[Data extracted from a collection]
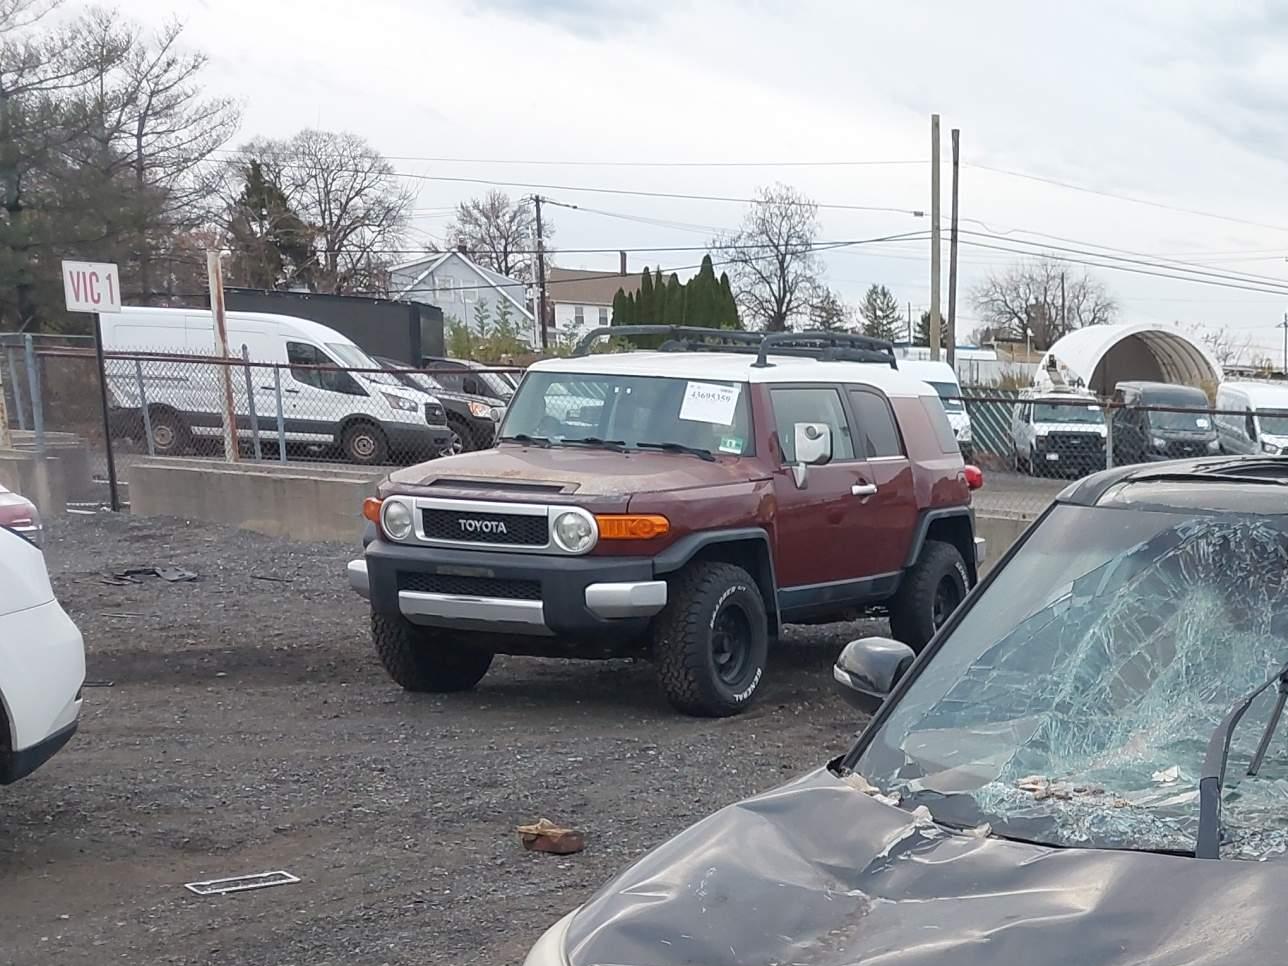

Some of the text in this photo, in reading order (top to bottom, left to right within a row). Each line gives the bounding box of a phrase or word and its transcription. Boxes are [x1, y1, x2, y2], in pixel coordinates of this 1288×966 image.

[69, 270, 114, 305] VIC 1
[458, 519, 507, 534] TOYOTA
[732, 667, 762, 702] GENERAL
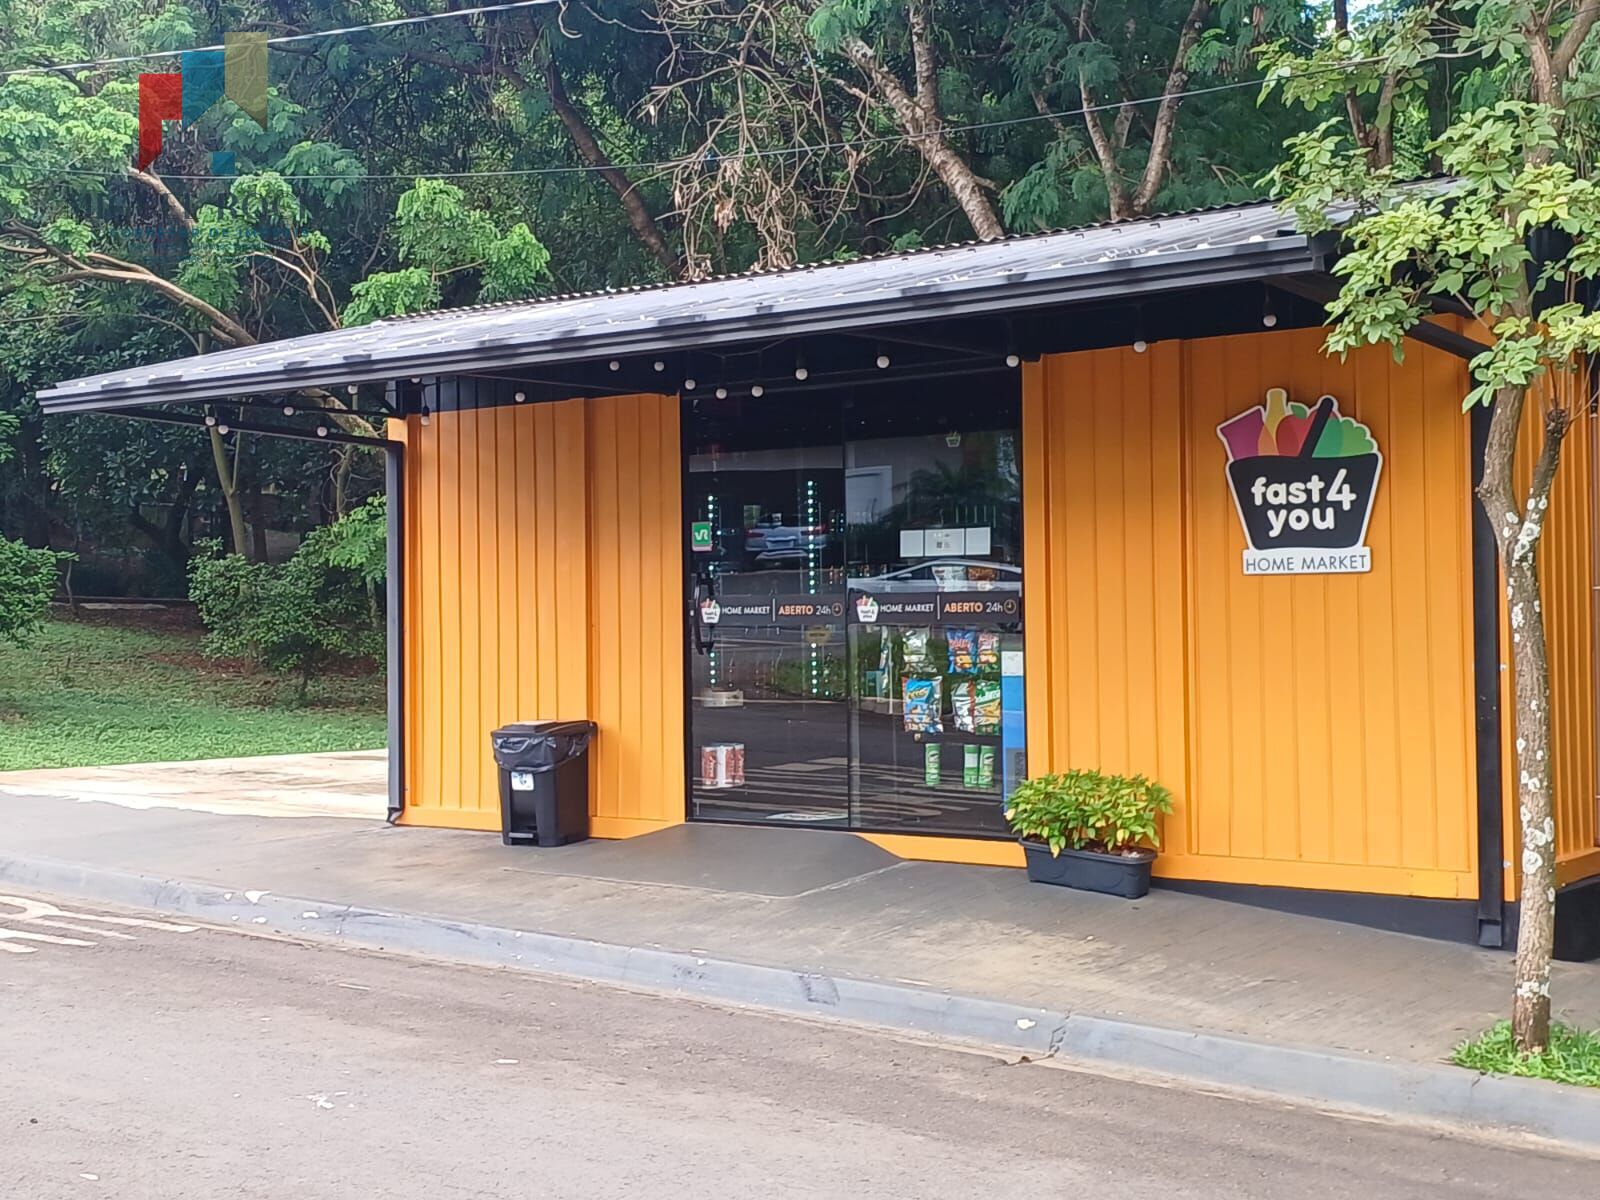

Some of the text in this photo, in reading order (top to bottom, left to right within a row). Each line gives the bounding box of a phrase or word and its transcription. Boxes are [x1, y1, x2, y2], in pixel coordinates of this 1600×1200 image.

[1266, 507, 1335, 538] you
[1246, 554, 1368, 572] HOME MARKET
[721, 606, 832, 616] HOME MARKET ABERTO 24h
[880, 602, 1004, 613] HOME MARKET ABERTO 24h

[Exercise] The answer consists solely of the lines from the one containing "this 1600×1200 image." through the last line of the data above, reproduced exactly.

[Result]
Some of the text in this photo, in reading order (top to bottom, left to right within a row). Each line gives the bounding box of a phrase or word and its transcription. Boxes are [x1, y1, x2, y2], in pixel coordinates of this 1600×1200 image.

[1266, 507, 1335, 538] you
[1246, 554, 1368, 572] HOME MARKET
[721, 606, 832, 616] HOME MARKET ABERTO 24h
[880, 602, 1004, 613] HOME MARKET ABERTO 24h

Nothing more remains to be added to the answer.